▶ _Directions_
Return verbatim the portion of the material below that starts at the line containing "this 1954×1438 image." and ends at its last line.

=== The input ===

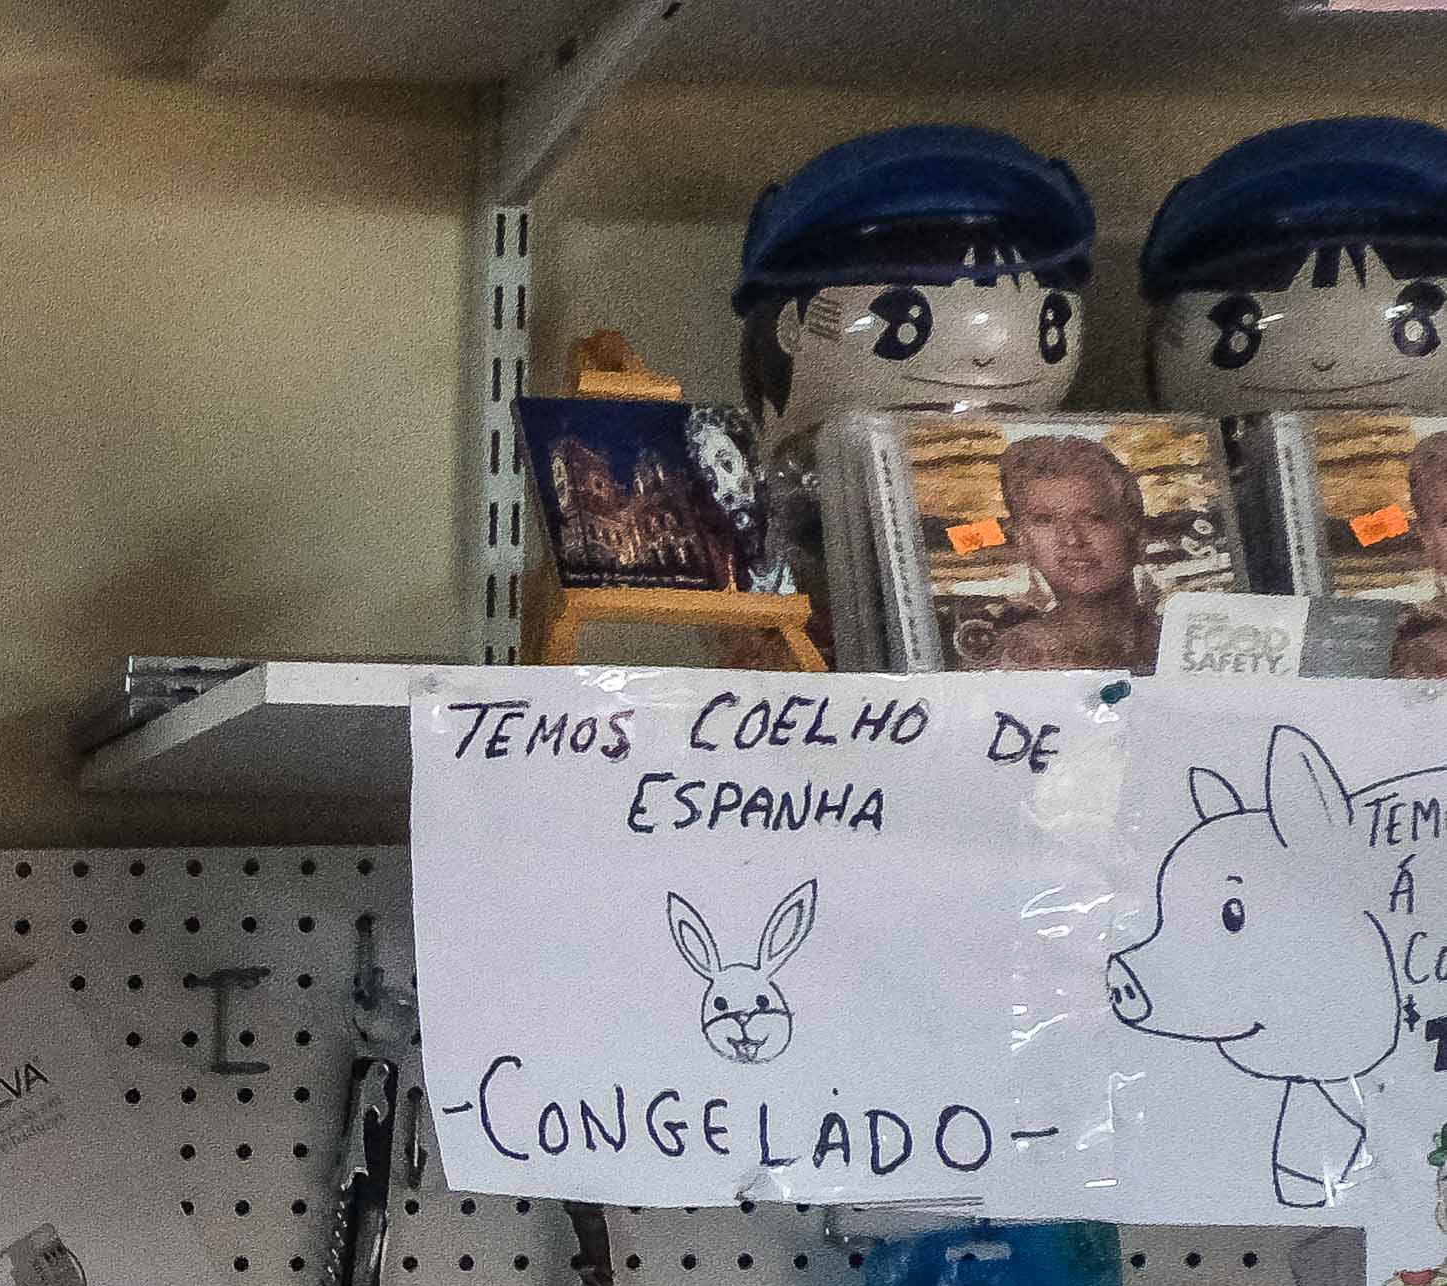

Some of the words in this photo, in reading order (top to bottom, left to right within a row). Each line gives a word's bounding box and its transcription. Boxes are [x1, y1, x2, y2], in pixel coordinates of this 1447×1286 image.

[447, 699, 635, 761] TEMOS
[689, 690, 930, 755] COELHO
[986, 710, 1062, 775] DE
[626, 771, 887, 835] ESPANHA
[1364, 792, 1447, 848] TEM
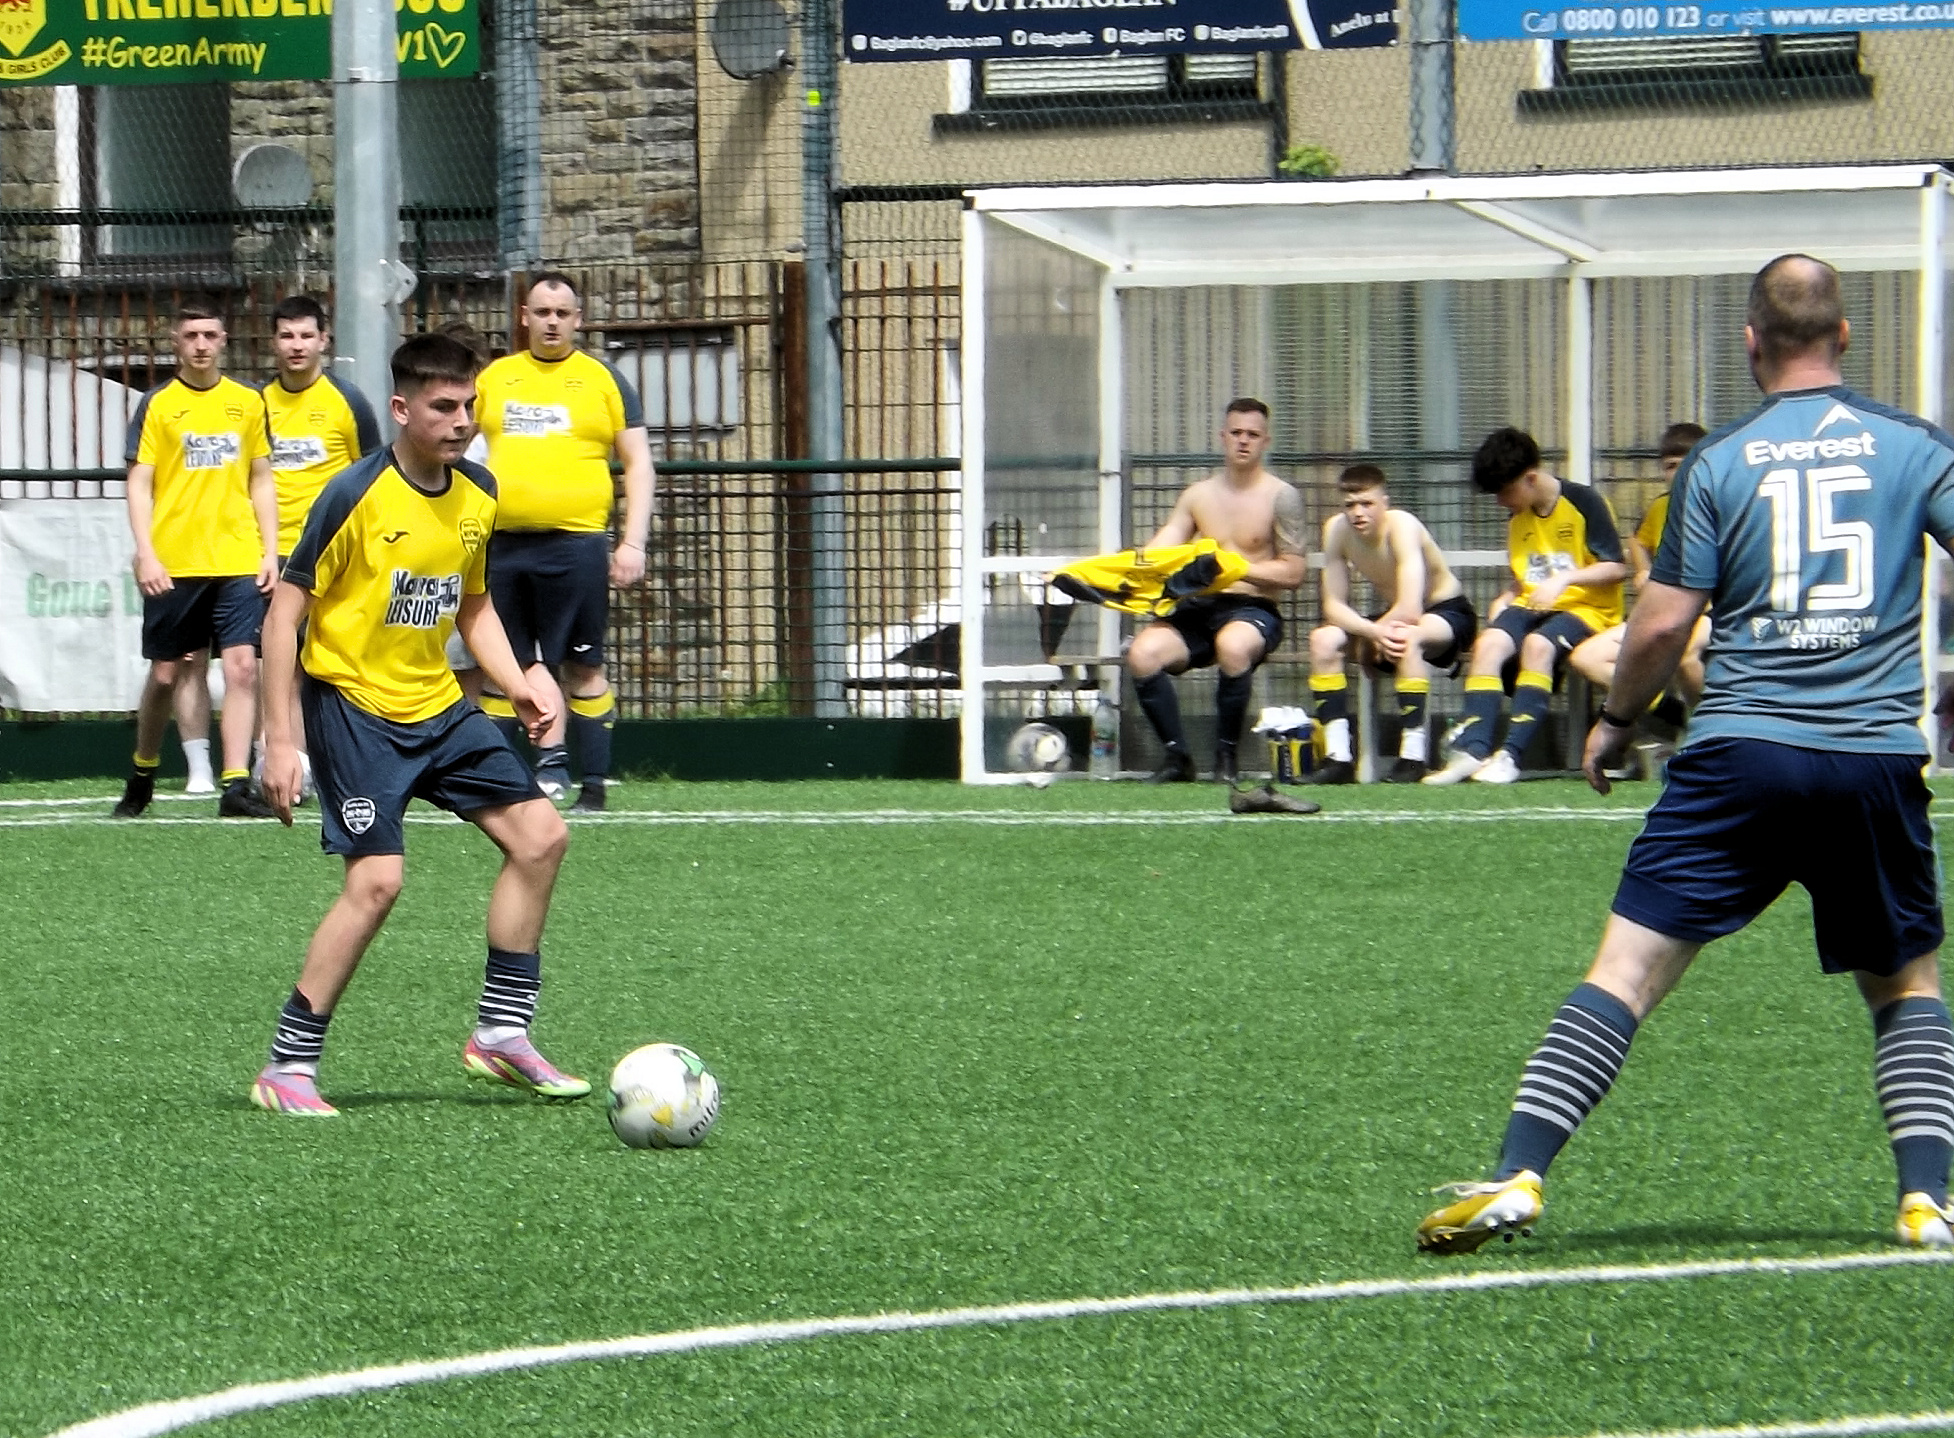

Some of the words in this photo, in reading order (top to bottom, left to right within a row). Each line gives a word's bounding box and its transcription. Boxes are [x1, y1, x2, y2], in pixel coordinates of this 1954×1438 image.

[1523, 12, 1557, 32] Call
[1562, 9, 1616, 30] 0800
[1620, 8, 1659, 29] 010
[1666, 6, 1700, 28] 123
[1706, 13, 1729, 27] or
[1165, 27, 1186, 42] FC
[81, 36, 266, 74] #GreenArmy
[1744, 432, 1876, 466] Everest
[1758, 464, 1874, 613] 15
[1803, 615, 1878, 634] WINDOW

===

▶ _Reply to the exercise_
Some of the words in this photo, in reading order (top to bottom, left to right within a row). Each line gives a word's bounding box and its transcription. Boxes are [x1, y1, x2, y2], in pixel coordinates of this 1954×1438 image.

[1523, 12, 1557, 32] Call
[1562, 9, 1616, 30] 0800
[1620, 8, 1659, 29] 010
[1666, 6, 1700, 28] 123
[1706, 13, 1729, 27] or
[1165, 27, 1186, 42] FC
[81, 36, 266, 74] #GreenArmy
[1744, 432, 1876, 466] Everest
[1758, 464, 1874, 613] 15
[1803, 615, 1878, 634] WINDOW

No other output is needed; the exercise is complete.